You must have heard…
I’m not human, I’m a monster and unable to feel.
I can’t feel like you feel
I live in a world were nothing seems real.
The only thing I feel is emptiness and the cold grip of loneliness.
I watched my spirit sneak out afraid
Even my heart walked away from my body leaving me a Nobody with No body.
My flesh felt weak…
I couldn’t feel anger that pain brought alongside to linger. Not even laughter.
Depression kept trying to suffocate me
But then, I had no heart because I was dead to my emotions.
I swore death for every living being for the pain they afflicted on me.
To err is human, but I’m not human
To forgive, is divine
My principles call that a lie.
I was just mere bones, the remnants of my past that tore me in bits and left me dead.
I’m a monster, dead to my emotions
Like a walking corpse
My existence had no course.
I was only existing but not living
I couldn’t feel love nor give love.
Happiness, I saw as a curse
That brought me loss…
You know not what I feel
You have no right to judge.
I lost my loved ones to death.
Maybe it’s my payment for loving too much.

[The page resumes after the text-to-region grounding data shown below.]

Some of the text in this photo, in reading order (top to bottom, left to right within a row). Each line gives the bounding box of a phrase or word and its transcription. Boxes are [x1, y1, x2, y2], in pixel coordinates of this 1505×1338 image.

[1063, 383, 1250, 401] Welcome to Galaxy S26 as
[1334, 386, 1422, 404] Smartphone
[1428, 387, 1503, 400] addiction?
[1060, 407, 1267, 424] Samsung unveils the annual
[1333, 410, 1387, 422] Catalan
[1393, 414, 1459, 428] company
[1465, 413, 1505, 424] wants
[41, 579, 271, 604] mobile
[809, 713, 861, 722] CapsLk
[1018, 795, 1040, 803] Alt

As the eagle renews it’s age
I renew the consciousness of pain in me that laid
Vengeance flowed through my veins
Altered my genes, I became a beast.
It’s venom wrapped my brains…
… my mind resurrected buried memories.
The reminiscence of my past like hundred knives pierced through my mind.

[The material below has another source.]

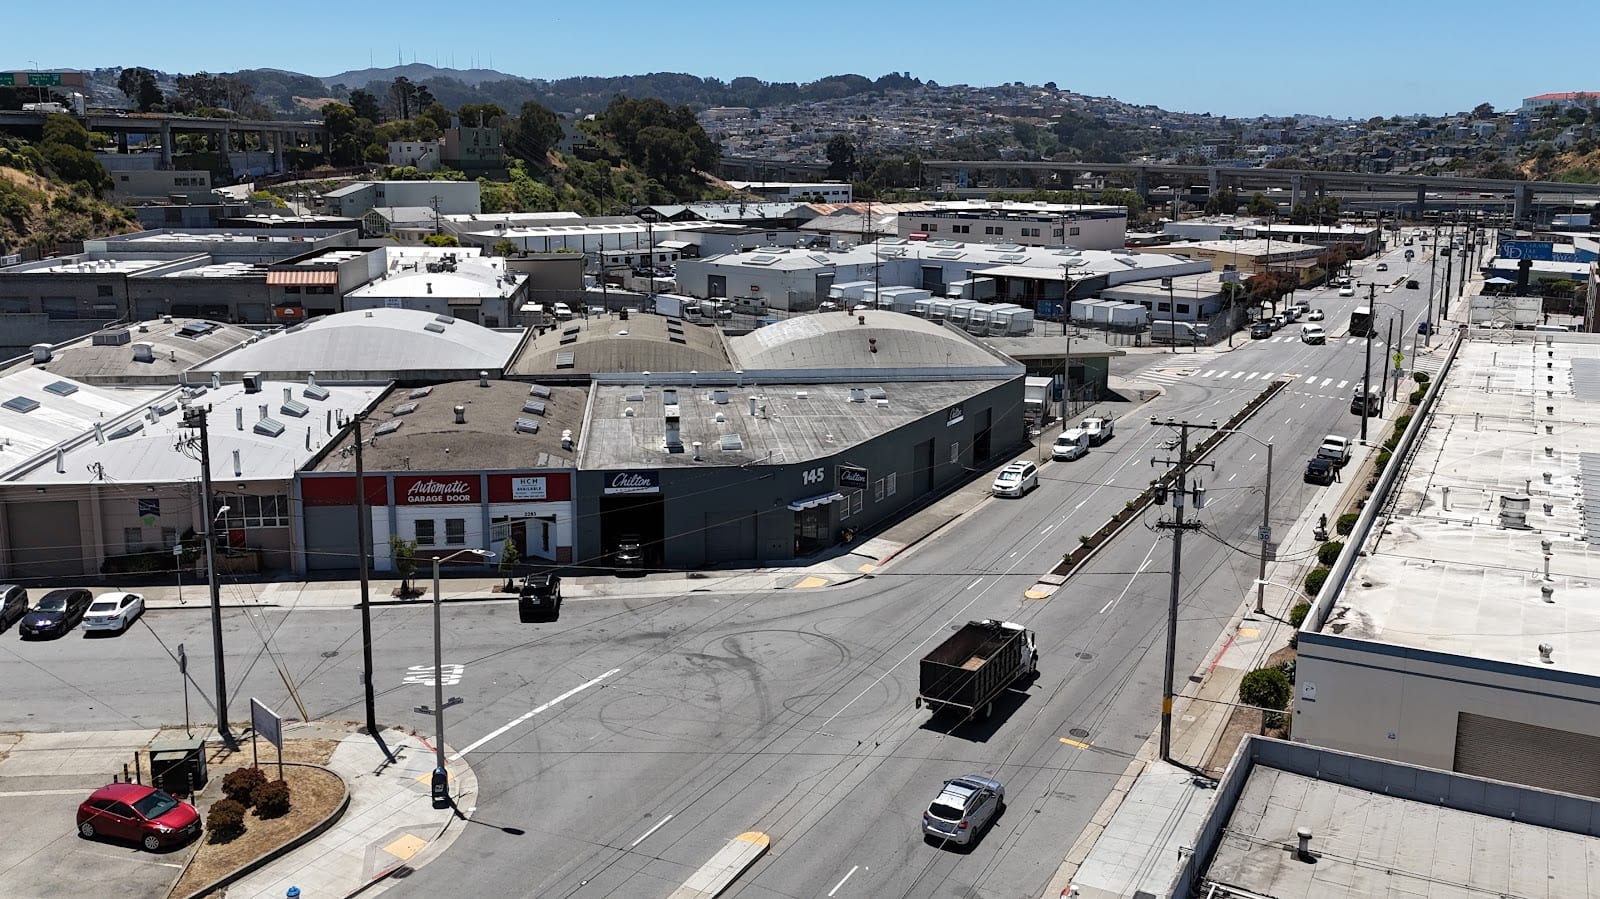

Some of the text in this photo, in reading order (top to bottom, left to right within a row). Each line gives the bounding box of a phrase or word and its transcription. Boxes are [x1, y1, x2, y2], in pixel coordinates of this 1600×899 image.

I couldn’t CARE LESS, maybe because I was CARELESS
I promised to make death pay
I starved myself, hungry with passion for revenge. A bitter sweet meal.

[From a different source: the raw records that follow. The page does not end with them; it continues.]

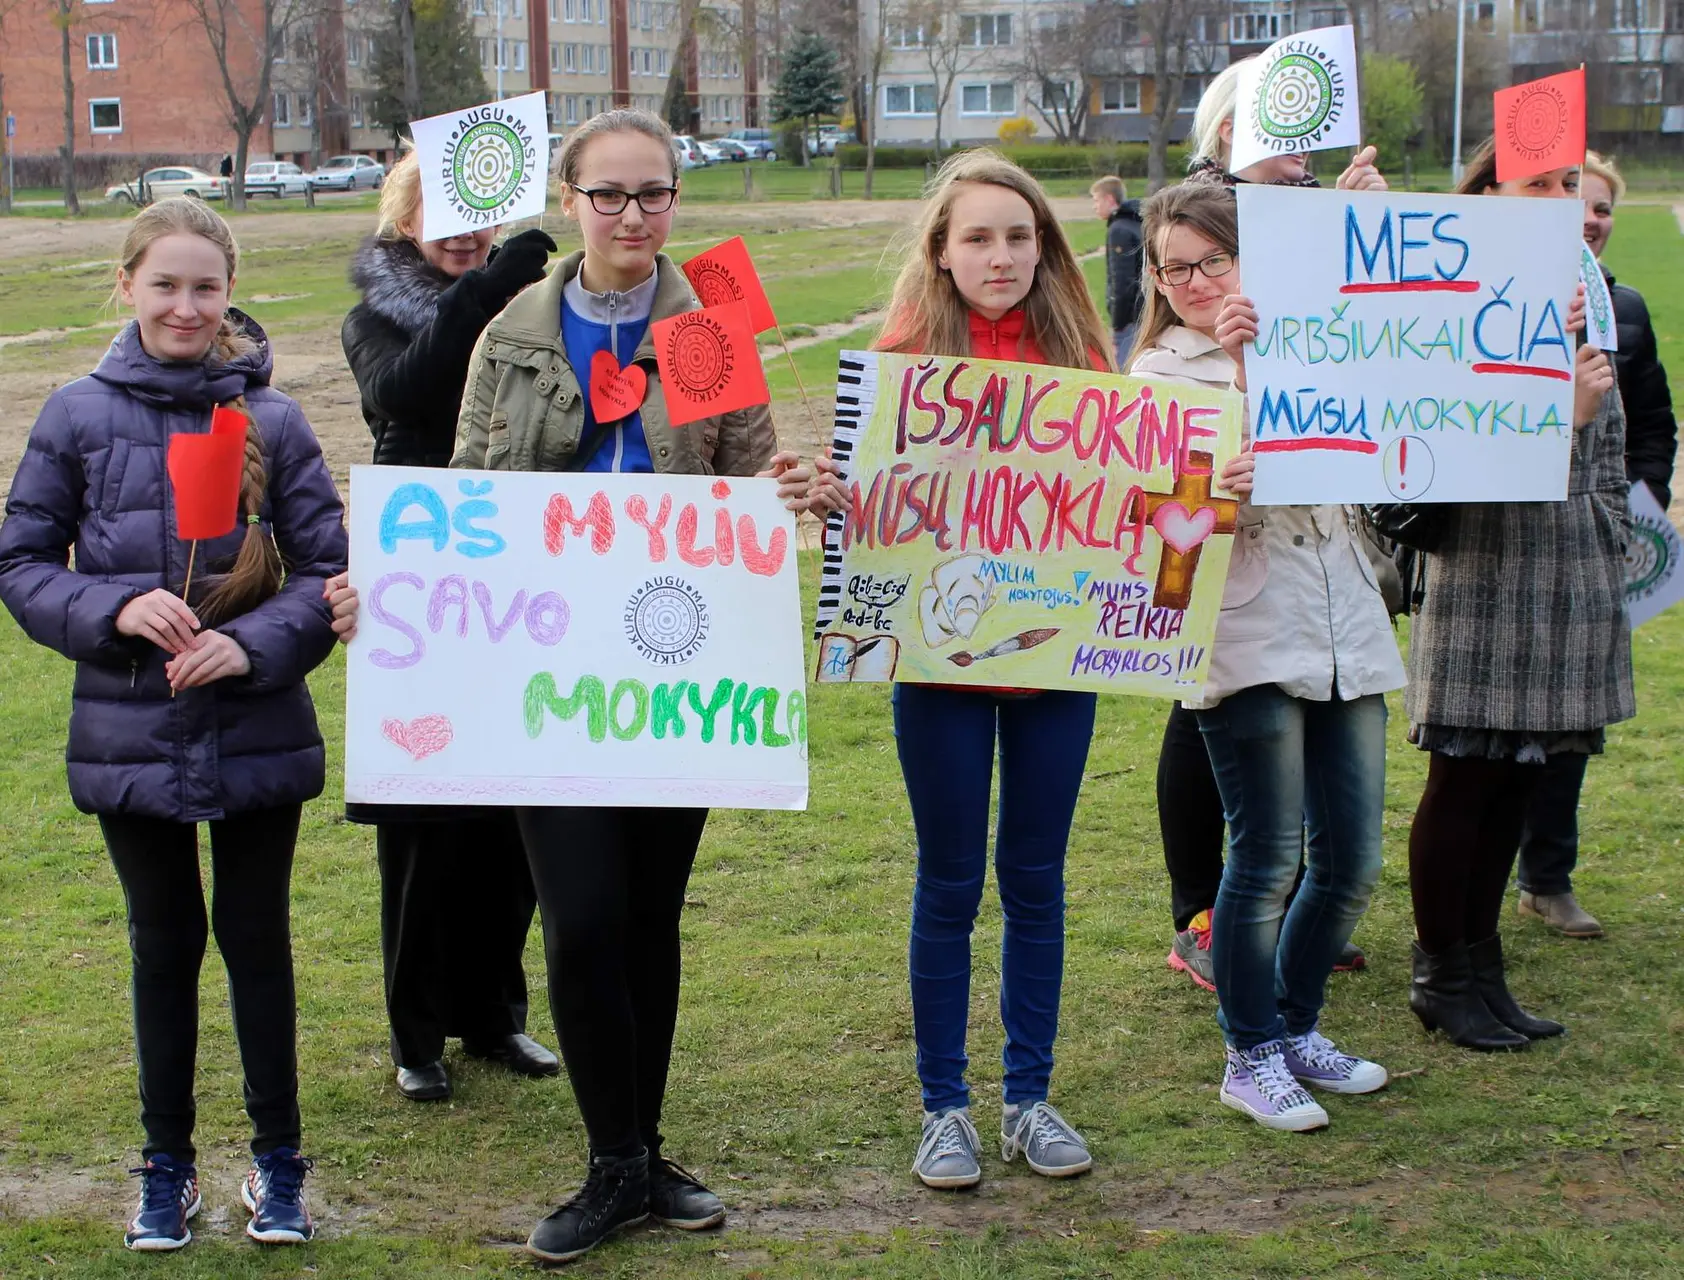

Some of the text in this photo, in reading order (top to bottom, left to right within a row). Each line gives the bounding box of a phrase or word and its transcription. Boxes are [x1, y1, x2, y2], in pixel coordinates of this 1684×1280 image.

[1324, 59, 1345, 123] KURIU
[458, 107, 504, 133] AUGU
[1271, 129, 1323, 151] AUGU
[442, 141, 459, 206] KURIU
[512, 119, 536, 203] MASTAU
[462, 205, 509, 224] TIKIU
[1344, 204, 1469, 283] MES
[674, 312, 704, 331] AUGU
[1473, 276, 1571, 365] ČIA
[667, 338, 680, 388] KURIU
[711, 322, 734, 385] MASTAU
[685, 388, 720, 403] TIKIU
[1255, 385, 1372, 440] MŪSŲ
[379, 479, 506, 558] AŠ
[645, 576, 684, 591] AUGU
[979, 560, 1035, 585] MYLIM
[1087, 580, 1149, 602] MUMS
[368, 571, 571, 669] SAVO
[624, 594, 639, 645] KURIU
[691, 590, 710, 652] MASTAU
[1096, 601, 1184, 641] REIKIA
[642, 649, 687, 664] TIKIU

The weight of emotions are heavy
I feel weak from the loss I carry…
…I’ve experienced a weight loss, creating a hollow no emotion can fill.
I don’t have to feel, I’m still that monster.
The world has deserted me
I’ve been abandoned
I can’t fit in
I am empty.
I’m still that thing, dead to my emotions
Maybe kill myself? To give death what it deserves.
But, I’m already dead. Lifeless. Emotionless.
Fiction or nonfiction?
My name is Fortune and this is my affirmation.